The need for early diagnosis is essential if the traumatic effect of discovering this potentially blinding disease is to be reduced. However, this can only occur if the professionals who see the deafblind child during their school life are aware of Usher's and know what to look for. The major symptoms that should lead to an immediate referral are night blindness, extreme sensitivity to light and/or Tunnel Vision; also these children may have a problem with balance.

The family doctor, the class teacher and the audiologist who see the deaf child regularly need to be aware that the congenitally deaf child is in a high risk group for Usher. Other professionals such as the ophthalmologist, the otologist, the optician and the psychologist need information too, if early diagnosis is to be achieved.

The congenitally deaf constitute a high risk group within the population but those who are still at school and in units for the deaf around the United Kingdom are traceable. Screening tests which measure the field of vision could be administered between the age of 11 and 16 along with other checks such as dental, chest, hearing and developmental, which all children, within the state education system, undergo.

Better Figures Needed

Figures for the incidence of Usher syndrome in Britain are incomplete; in the USA more statistical work has been done but even there the figures are tenuous. (5) About 3 per 100,000 people in the US have Usher. Of all those who have a congenital hearing impairment, 3 to 6% are victims of Usher. Of the 70,000 to 100,000 population who have RP in the US, one out of four has Usher syndrome.

Thus, Vernon estimates that there are 17,500 to 25,000 people who will be deafblind due to Usher syndrome. As Vernon rightly points out, these figures show that Usher syndrome is all too common among deaf people. Ignorance amongst professional people who deal with deaf children about this syndrome is widespread. (6) This must change. The need for earlier diagnosis is paramount if benefit is to be had from educational guidance, career counselling, psychological coping techniques and genetic counselling.

Better Handling at Diagnosis

While it is true that at present the medical professional can offer no effective treatment for RP, they can and should offer time, sympathetic handling and honesty to the people in their are. What goes on in the consulting room when the patient and his family are told about the diagnosis of Usher syndrome is critical to the way in which they will all handle the situation later.

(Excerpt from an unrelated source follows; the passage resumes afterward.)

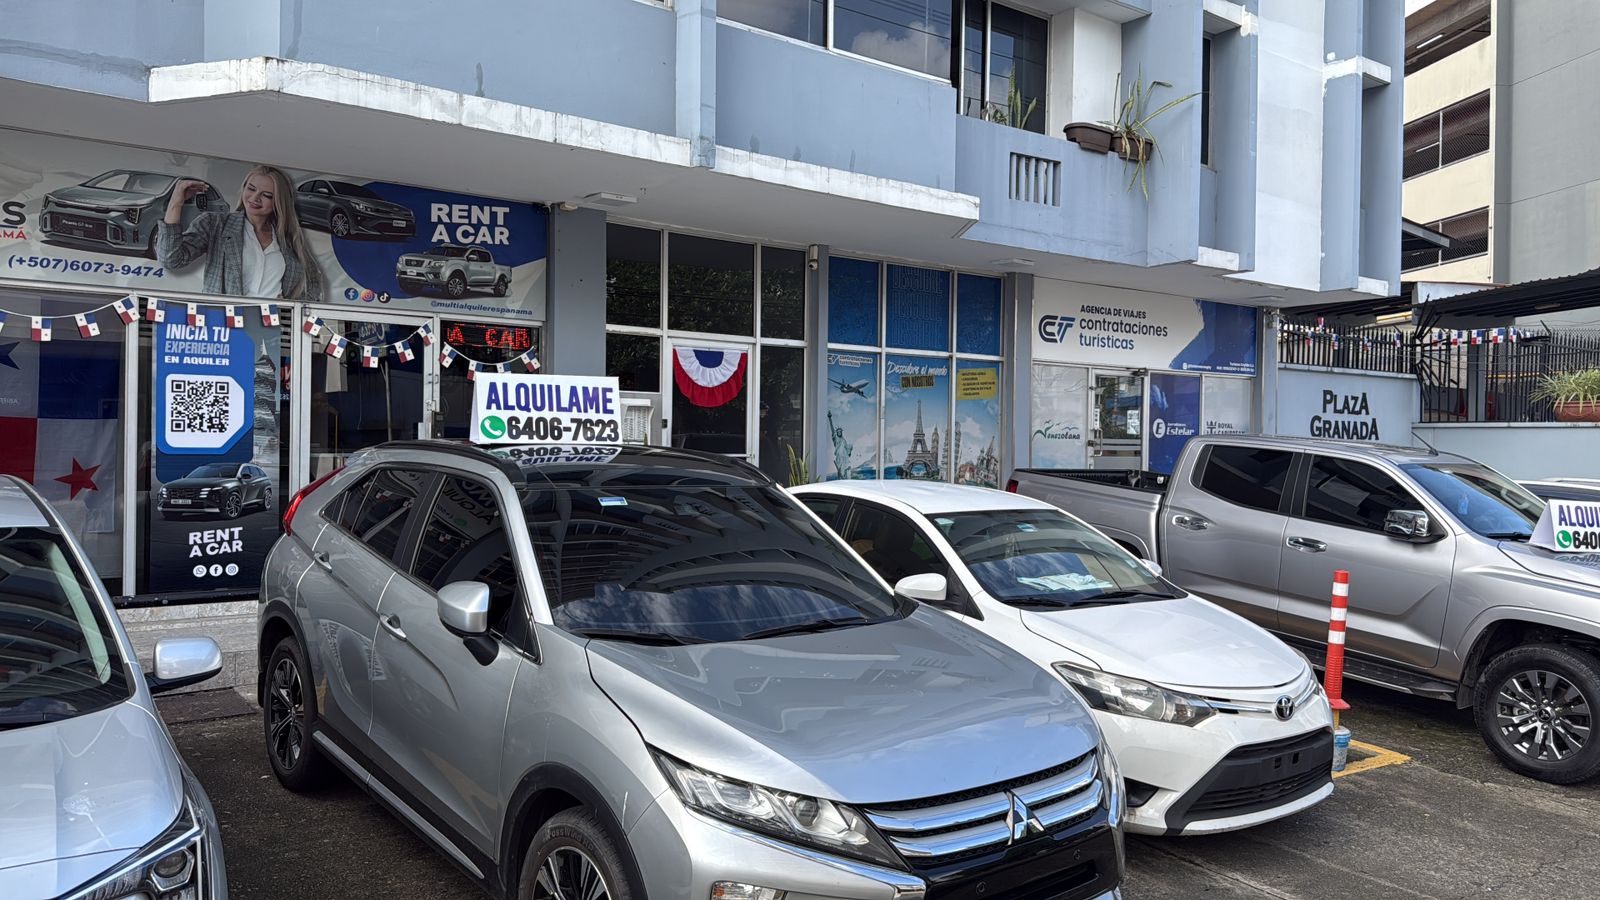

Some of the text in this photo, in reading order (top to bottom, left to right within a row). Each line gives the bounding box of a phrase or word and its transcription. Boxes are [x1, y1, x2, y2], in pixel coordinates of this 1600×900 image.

Too often the facts are given in a cold even brutal manner and the bewildered family is ushered out of the room before they have time to think. If the deaf patient communicates by sign language and finger spelling and no communicator is present it is possible that he has only grasped half of the truth. If the parents are too upset to explain, the 'victim' is left in the highly unsatisfactory state of knowing something is badly wrong, but not knowing what.

It is important that a sign language interpreter used to the medical terminology is made available at these appointments.

Much of this anguish can be avoided if the patient and the family are given a proper explanation of the condition and allowed time with the help of a communicator (if necessary) to ask questions and understand the implications of the disorder. The medical social worker should be involved to introduce the family to organisations, aids and benefits which may be needed in the future.

It is very important at this stage that the individual and the family are given the support they need and not left to face the future 'as best they can'. It may help the newly diagnosed person and his family to be linked with a family who are handling the situation reasonably well, in order to talk about their concerns.